Thanks for the how-to, but I'm just curious about one thing. Does doing this through XFS have any advantage over just installing the fonts and adding the path to the xf86config file?

----------

## Drewgrange

Magus, does it give any errors? Check /var/log/XFree86.0.log Also could you post that top section of your xf86config file?

----------

## MaGuS

 *Drewgrange wrote:*   

> Magus, does it give any errors? Check /var/log/XFree86.0.log Also could you post that top section of your xf86config file?

 

No nothing, but I just removed all FonPath lines and all work great!

Magnus

----------

## Cloney

 *Drewgrange wrote:*   

> Thanks for the how-to, but I'm just curious about one thing. Does doing this through XFS have any advantage over just installing the fonts and adding the path to the xf86config file?

 

Actually, after some experimentation, I'm not sure it does.

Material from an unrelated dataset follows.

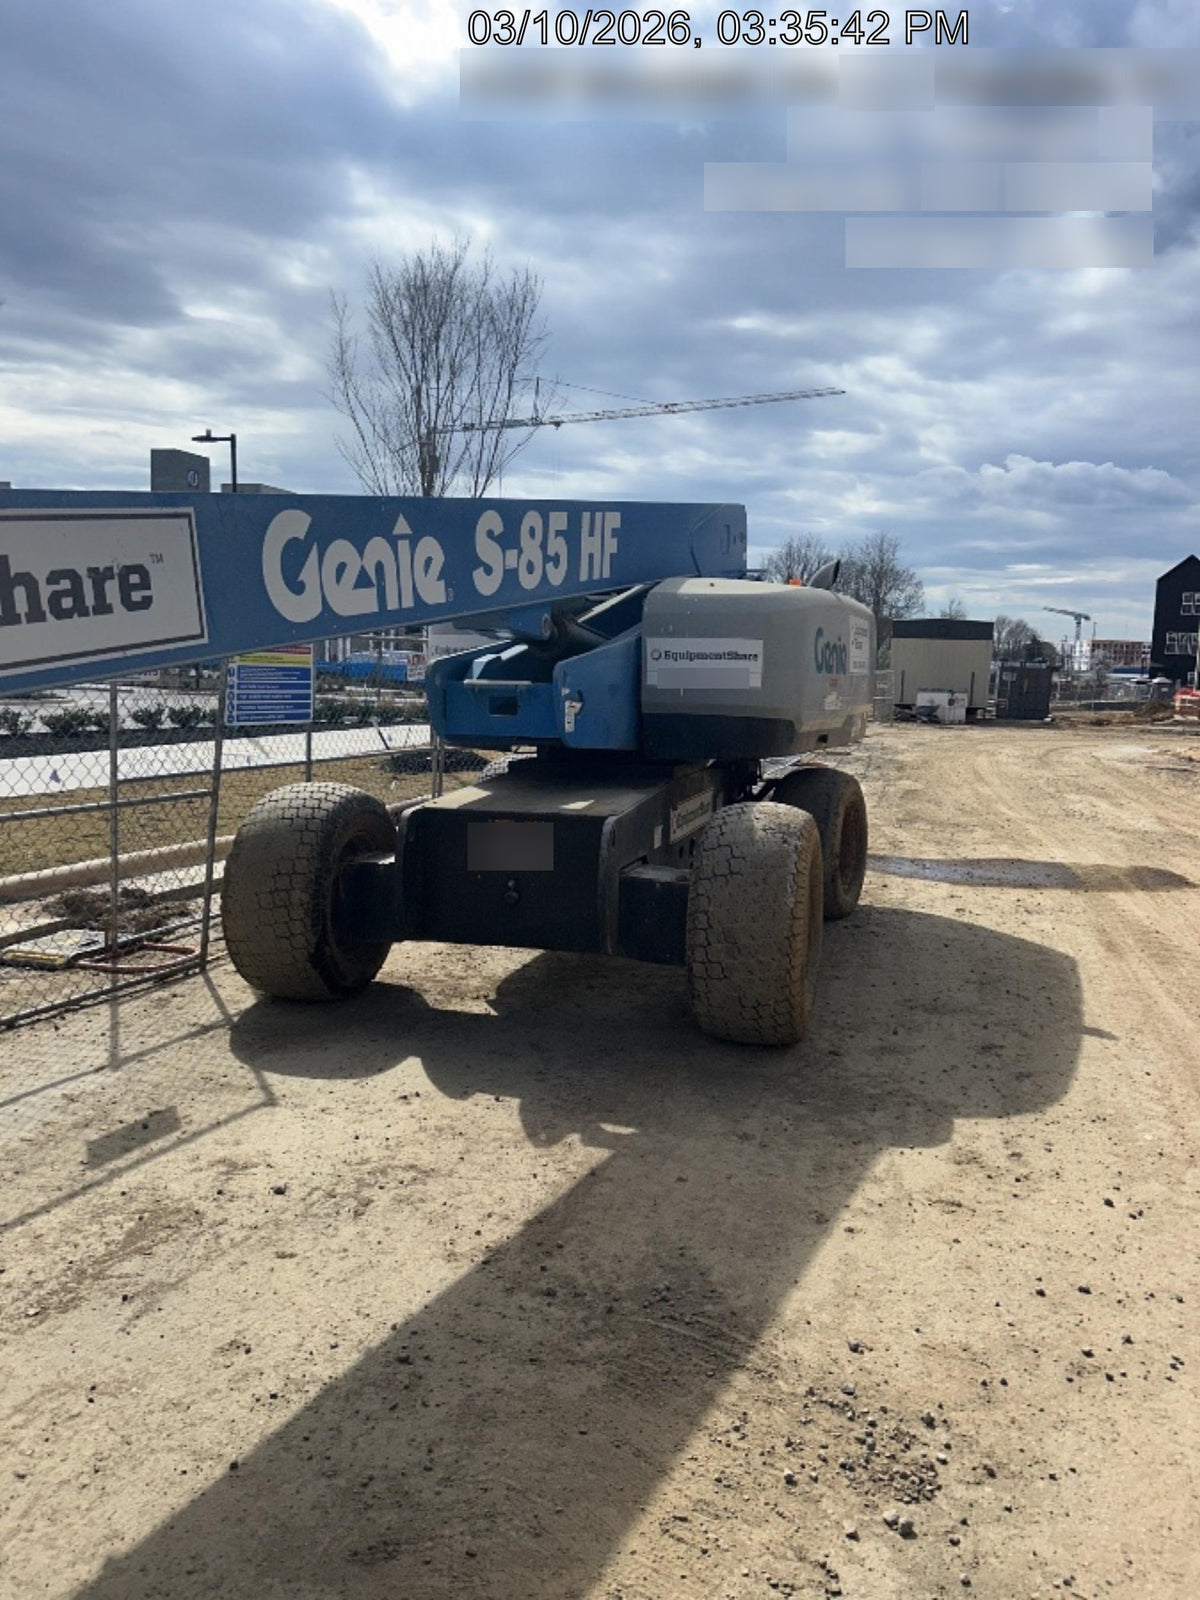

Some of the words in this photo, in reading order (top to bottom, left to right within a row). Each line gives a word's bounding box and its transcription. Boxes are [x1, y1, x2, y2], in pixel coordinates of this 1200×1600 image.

[262, 509, 447, 623] Genie
[472, 509, 568, 597] S-85
[579, 511, 622, 583] HF

I've switched to a non-XFS system.

I'll update the FAQ soon with a bit about turning off anti-aliasing in XFT for fonts in the range 8-15 points.

Cloney

Enjoying KDE 3.2

----------

## Plasmaisme

Wow, thanks for the tips!  My fonts now look fantastic.  Before, all my fonts were basically always one-pixel thick, which while utilitarian, isn't all that fancy, and antialiasing seemed to have no effect.  Now, I'm using Times New Roman with antialiasing (for all font sizes), and it's FANTASTIC.  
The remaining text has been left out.